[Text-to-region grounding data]
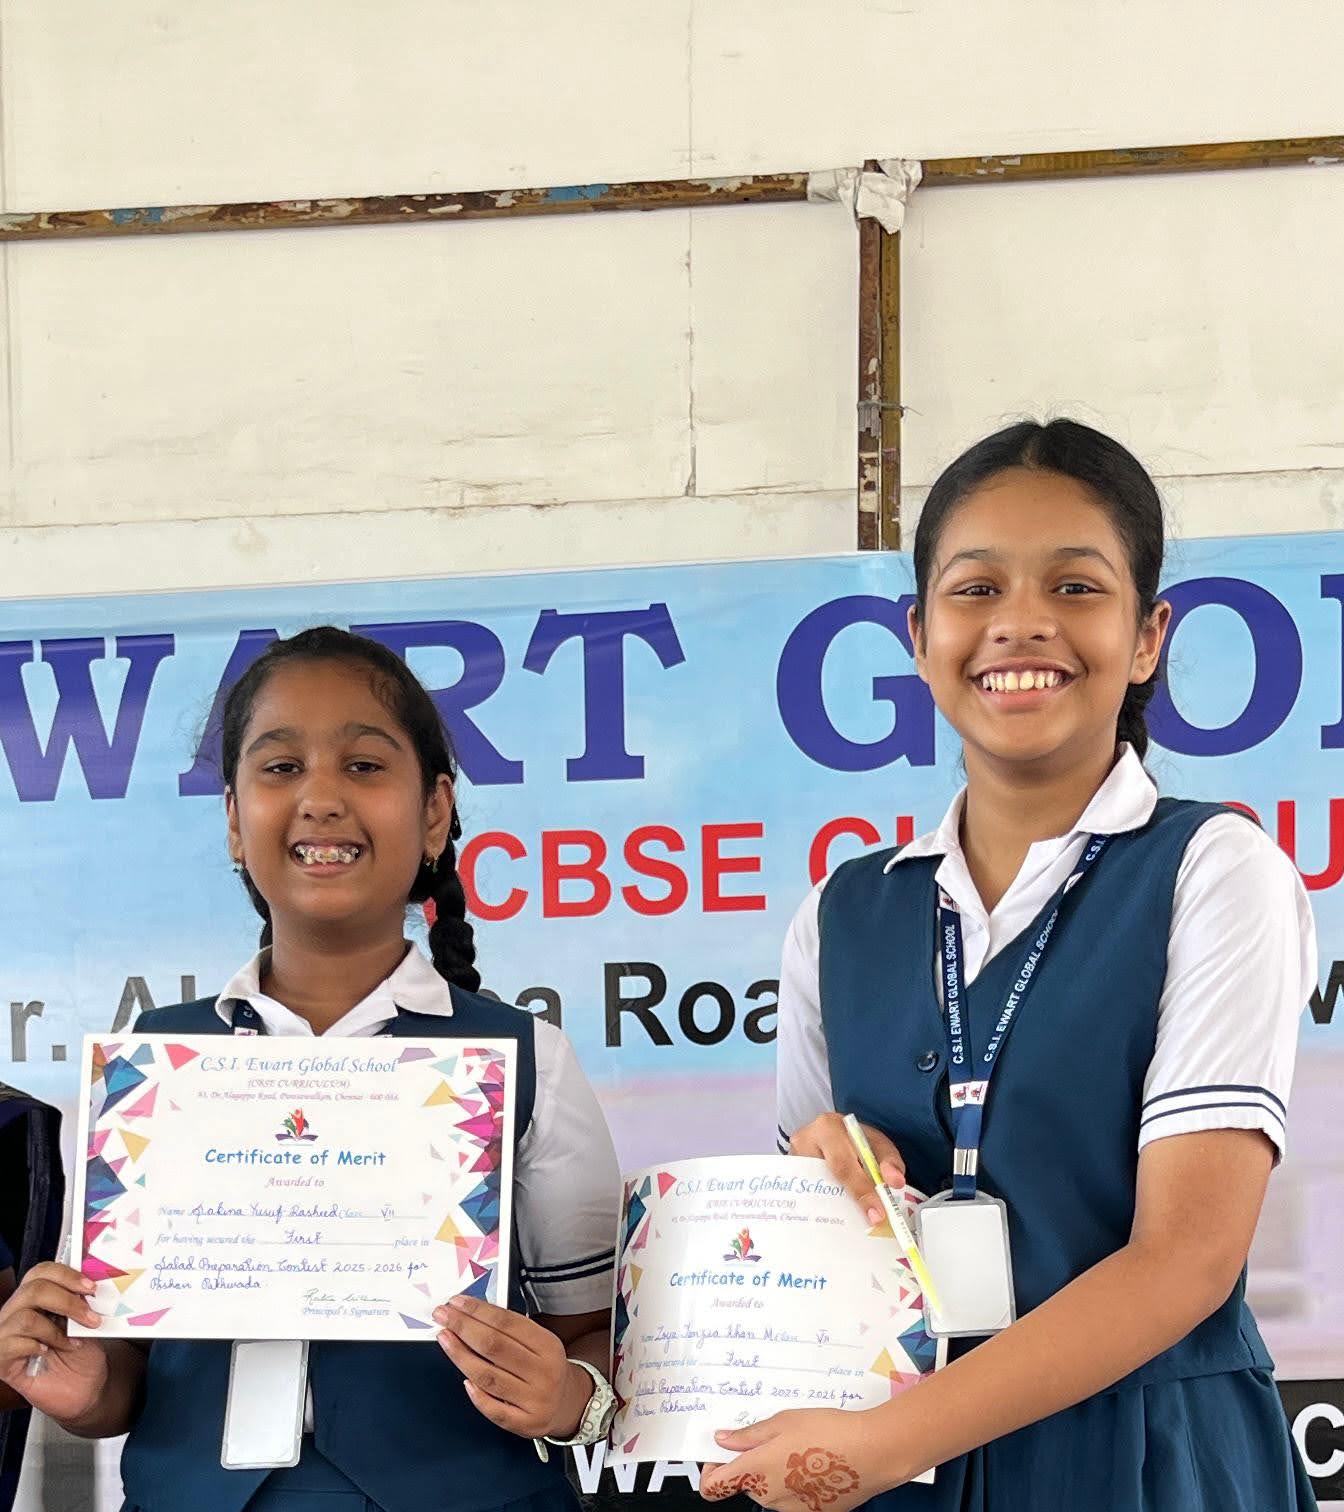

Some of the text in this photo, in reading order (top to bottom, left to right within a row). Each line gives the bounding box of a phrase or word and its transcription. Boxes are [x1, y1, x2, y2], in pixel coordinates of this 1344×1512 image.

[424, 822, 767, 928] CBSE
[945, 924, 956, 959] SCHOOL
[946, 959, 958, 998] GLOBAL
[996, 993, 1021, 1033] EWART
[1014, 949, 1042, 992] GLOBAL
[949, 1000, 962, 1037] EWART
[247, 1057, 294, 1073] Ewart
[298, 1056, 346, 1076] Global
[348, 1057, 398, 1073] School
[205, 1148, 387, 1166] Certificate of Merit
[264, 1176, 325, 1188] Awarded to
[708, 1177, 744, 1193] Ewart
[748, 1175, 797, 1195] Global
[796, 1179, 845, 1198] School
[158, 1207, 185, 1216] Name
[156, 1234, 170, 1246] for
[173, 1234, 204, 1246] having
[207, 1234, 239, 1245] secured
[393, 1236, 419, 1249] place
[420, 1238, 430, 1247] in
[670, 1270, 828, 1290] Certificate of Merit
[827, 1365, 853, 1377] place
[854, 1370, 865, 1378] in

* [The problem] Reproduce the data exactly as it appears above. Pictures are to be left out.

* [Solved exercise]
Some of the text in this photo, in reading order (top to bottom, left to right within a row). Each line gives the bounding box of a phrase or word and its transcription. Boxes are [x1, y1, x2, y2], in pixel coordinates of this 1344×1512 image.

[424, 822, 767, 928] CBSE
[945, 924, 956, 959] SCHOOL
[946, 959, 958, 998] GLOBAL
[996, 993, 1021, 1033] EWART
[1014, 949, 1042, 992] GLOBAL
[949, 1000, 962, 1037] EWART
[247, 1057, 294, 1073] Ewart
[298, 1056, 346, 1076] Global
[348, 1057, 398, 1073] School
[205, 1148, 387, 1166] Certificate of Merit
[264, 1176, 325, 1188] Awarded to
[708, 1177, 744, 1193] Ewart
[748, 1175, 797, 1195] Global
[796, 1179, 845, 1198] School
[158, 1207, 185, 1216] Name
[156, 1234, 170, 1246] for
[173, 1234, 204, 1246] having
[207, 1234, 239, 1245] secured
[393, 1236, 419, 1249] place
[420, 1238, 430, 1247] in
[670, 1270, 828, 1290] Certificate of Merit
[827, 1365, 853, 1377] place
[854, 1370, 865, 1378] in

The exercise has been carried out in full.